Thanks to my great friend Joe Buffardi I was able to add this beauty to my collection. I will add details and more photos soon.


----------



## cyclingday (Oct 6, 2014)

Looks good!
 It was great getting a chance to meet you guys on the ride this weekend.


----------



## fordmike65 (Oct 6, 2014)

Holy Poop! You better bring that to the Colson ride next month!


----------



## DonChristie (Oct 6, 2014)

Wow! Thats a nice one! William is on a roll!


----------



## rockabillyjay (Oct 7, 2014)

Killer bullnose!


----------



## larock65 (Oct 7, 2014)

*Thanks guys!*

I really am pleased with this one for sure!


----------



## Joe Buffardi (Oct 7, 2014)

*Firestone*

Damn that looks great! It couldn't have gone to a better guy. Enjoy my friend.


----------



## Bri-In-RI (Oct 7, 2014)

Beautiful! Glad to see some of the Old School BMX guys coming over to this side of collecting. 
-Brian


----------



## larock65 (Oct 9, 2014)

*Thanks!*



Bri-In-RI said:


> Beautiful! Glad to see some of the Old School BMX guys coming over to this side of collecting.
> -Brian




Brian, 
I have always had at least one balloon tire bike and one bmx bike in my garage for as long as I can remember! I actually met and have been dealing with Bob U. since the mid 90's. I have shifted my focus in this direction lately and slowed down with the bmx bikes for now. Fun either way for sure!


----------



## squeedals (Oct 10, 2014)

LOVE the frame!


----------



## M & M cycle (Oct 10, 2014)

*nice bike*

very sharp looking bike!!!, M & M


----------



## carlitos60 (Oct 11, 2014)

*Very, Very Nice!!!*

That is a Very, Very Nice Ride!!!
You need to Post a Clean Picture by Itself!!!


Is that a Leather Seat????  Was it Spray Painted Too???


----------



## larock65 (Oct 11, 2014)

carlitos60 said:


> That is a Very, Very Nice Ride!!!
> You need to Post a Clean Picture by Itself!!!
> 
> 
> Is that a Leather Seat????  Was it Spray Painted Too???

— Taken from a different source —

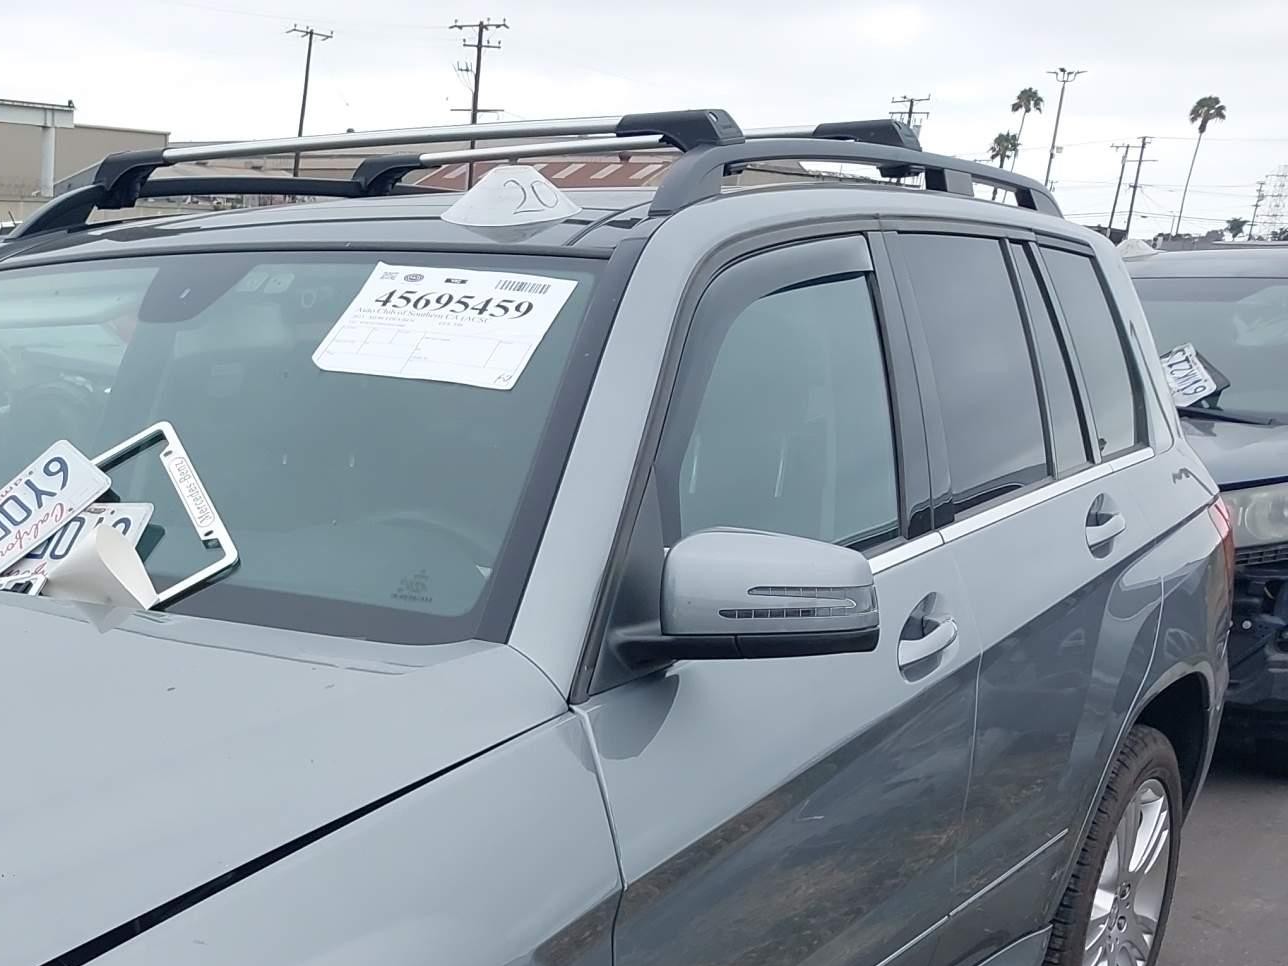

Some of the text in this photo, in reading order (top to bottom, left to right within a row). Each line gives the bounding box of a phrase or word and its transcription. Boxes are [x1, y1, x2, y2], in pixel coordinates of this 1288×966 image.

Thanks Carlitos! The seat is red leather and the bike was professionally painted prior to me obtaining it.
More photos to follow soon.


----------



## poolboy1 (Oct 12, 2014)

Looks great buddy!!!


----------



## 48b6 (Oct 14, 2014)

I have been thinking to paint mine that color combo, you don't see the red, silver and white too often!


----------